Oilers win first homecoming game in nine years
on October 24, 2009
With 5.2 seconds left in a home game against De Anza High School Friday, the Richmond High School Oilers scored a winning touchdown, but the team achieved much more.
For the first time in nine years, the Oilers experienced what it’s like to win a homecoming football game.
“I’m excited. I feel wonderful–this is the first homecoming game we won,” said Richmond High senior Shannen Edwards, a wide receiver who won co-offensive player of the game. “We’re a bunch of great guys and got the right coach now.”
Head Coach Jeff Tyner, who first landed at Richmond High as a campus police officer last year, is the head of a completely new line of coaches. Though quick to admit the team has a long way to go before becoming competitive, he said the team’s coaching staff is doing an outstanding job with their players.
“For years this team was only winning one game or not even finishing the season,” Tyner said. “We may only be 3-5 this season, but the pendulum is at least swinging in another direction.”
For the last decade, football at Richmond and De Anza hasn’t been pretty. Losing records and unfinished seasons have become the norm.
In the last two weeks both were handed shut-out losses by Berkeley High School and El Cerrito High School. Richmond lost to Berkeley 41-0 and El Cerrito 61-0, while De Anza lost to Berkeley 69-0 and El Cerrito 40-0.
Friday night’s game between the cross-city rivals was a rare, evenly-matched game marked by an exciting back-and-forth that ended in Richmond’s 22-17 win.
“We prepared for this. We knew it would come down to the end with these guys,” said Tyner, the Richmond head coach.
To sustain the team’s momentum, another concern is making sure the students stay academically eligible to play.
Bad grades have hampered the team’s ability to retain talented players for all three years, Tyner said.
“We stay on top of those grades. This is all about showing them how hard work can pay off,” Tyner said. Football players attend mandatory Wednesday study sessions to keep them on track, he said.

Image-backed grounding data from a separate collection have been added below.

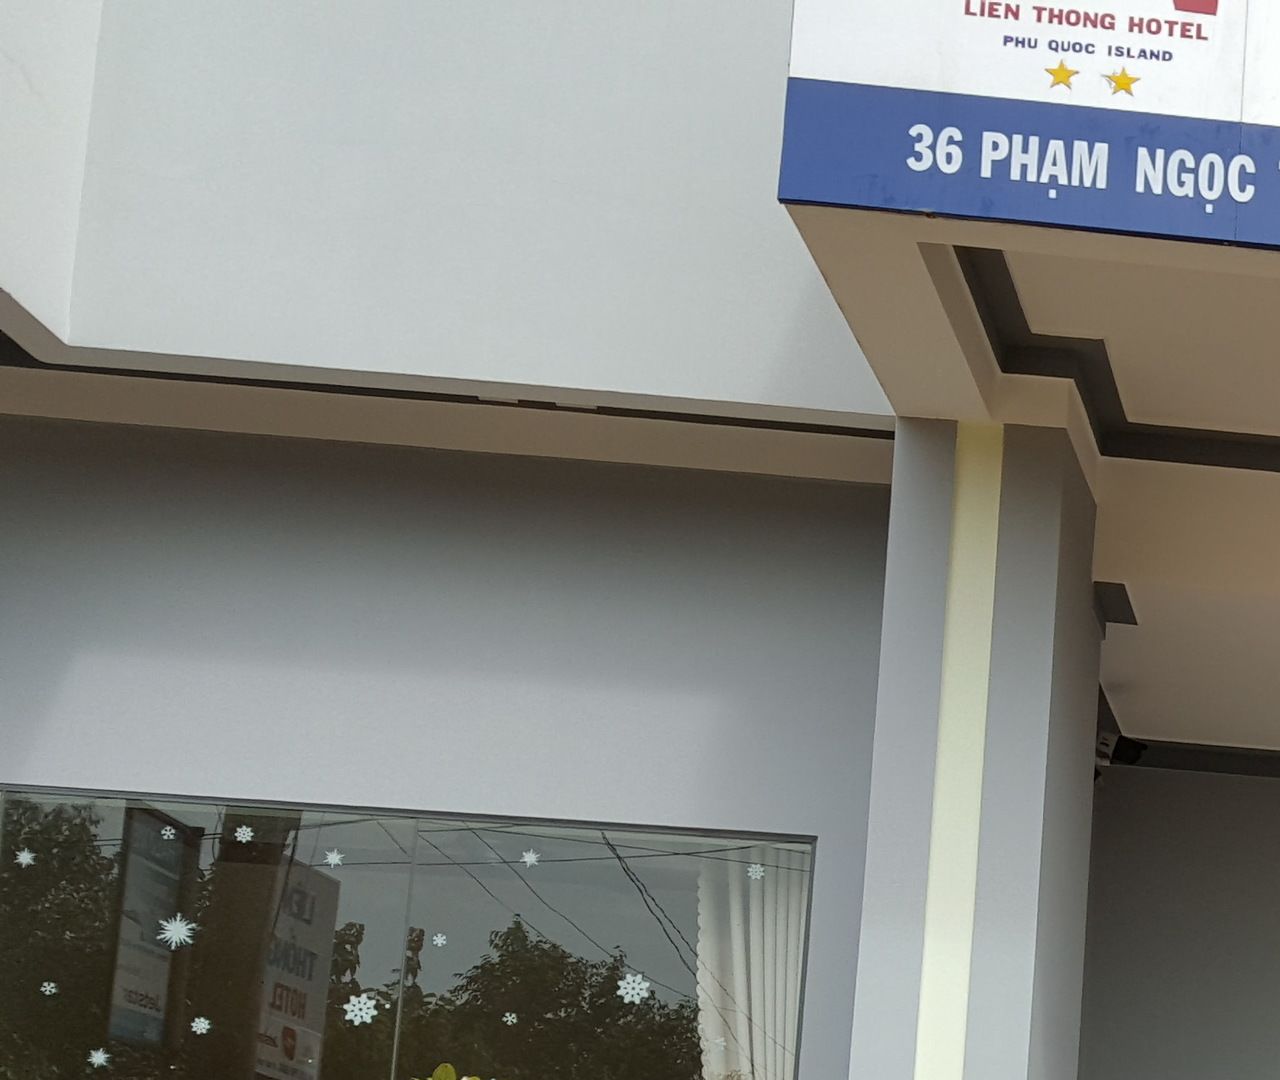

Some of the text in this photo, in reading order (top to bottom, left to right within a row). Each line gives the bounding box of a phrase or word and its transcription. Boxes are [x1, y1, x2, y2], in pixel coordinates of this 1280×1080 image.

[964, 0, 1208, 41] LIEN THONG HOTEL
[1002, 34, 1173, 62] PHU QUOC ISLAND
[906, 123, 963, 174] 36
[981, 131, 1109, 200] PHẠM
[1136, 146, 1256, 214] NGỌC

As for parent participation and more student support, that’s another challenge, he said.
Because the home team’s new bleachers are unfinished, about 150 Richmond High supporters filled up half of the visiting side’s bleachers and at least 50 De Anza supporters populated the other half.
According to Shannen Edwards’ mother, Gail Edwards, and his aunt, Andrea Creswell, there were more people watching the homecoming game than at other home games. Both of them remember when attendance and enthusiasm for Richmond High football and homecoming was much higher.

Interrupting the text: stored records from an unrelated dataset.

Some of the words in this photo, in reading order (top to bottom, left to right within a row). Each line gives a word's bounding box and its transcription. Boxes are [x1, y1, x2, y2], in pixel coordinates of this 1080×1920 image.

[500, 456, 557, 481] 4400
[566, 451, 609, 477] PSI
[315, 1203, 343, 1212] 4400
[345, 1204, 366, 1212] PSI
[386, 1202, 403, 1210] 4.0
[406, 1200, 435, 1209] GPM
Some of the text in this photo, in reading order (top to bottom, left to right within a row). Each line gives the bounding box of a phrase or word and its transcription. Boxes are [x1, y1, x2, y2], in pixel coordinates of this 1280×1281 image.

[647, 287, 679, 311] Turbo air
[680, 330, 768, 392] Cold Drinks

Creswell, who was a freshman princess on the 1979 homecoming game, remembers the stands being packed. She also recalls winning seasons and creative floats for the half-time homecoming celebration.

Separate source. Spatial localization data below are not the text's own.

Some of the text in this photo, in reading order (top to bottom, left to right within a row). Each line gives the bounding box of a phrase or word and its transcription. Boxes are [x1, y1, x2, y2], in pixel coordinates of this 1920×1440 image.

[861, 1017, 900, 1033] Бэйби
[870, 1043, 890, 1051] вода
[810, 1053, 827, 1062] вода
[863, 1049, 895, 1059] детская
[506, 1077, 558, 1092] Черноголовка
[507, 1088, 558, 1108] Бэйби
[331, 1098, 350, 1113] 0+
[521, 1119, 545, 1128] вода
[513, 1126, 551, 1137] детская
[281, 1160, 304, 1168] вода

This year, Homecoming King Francisco Navarro, wearing a red t-shirt, was crowned. He was the only boy to run for the title.
“Its not like a big thing,” said Navarro, who is more excited anticipating soccer tryouts in three weeks. Homecoming Queen Hazel Ahumada was crowned in her cheerleading outfit. Instead of being carried in a float, a go-cart slowly introduced the winners to a crowd congratulating them for their titles.
But Tyner, who said he is enjoying developing a rapport with more students, is positive he can improve overall school spirit through his academic job as a student resource officer and through his job as head football coach.
“I love football coaching,” Tyner said. “It’s my way of meeting more kids and breaking down barriers between them and showing them a different light.”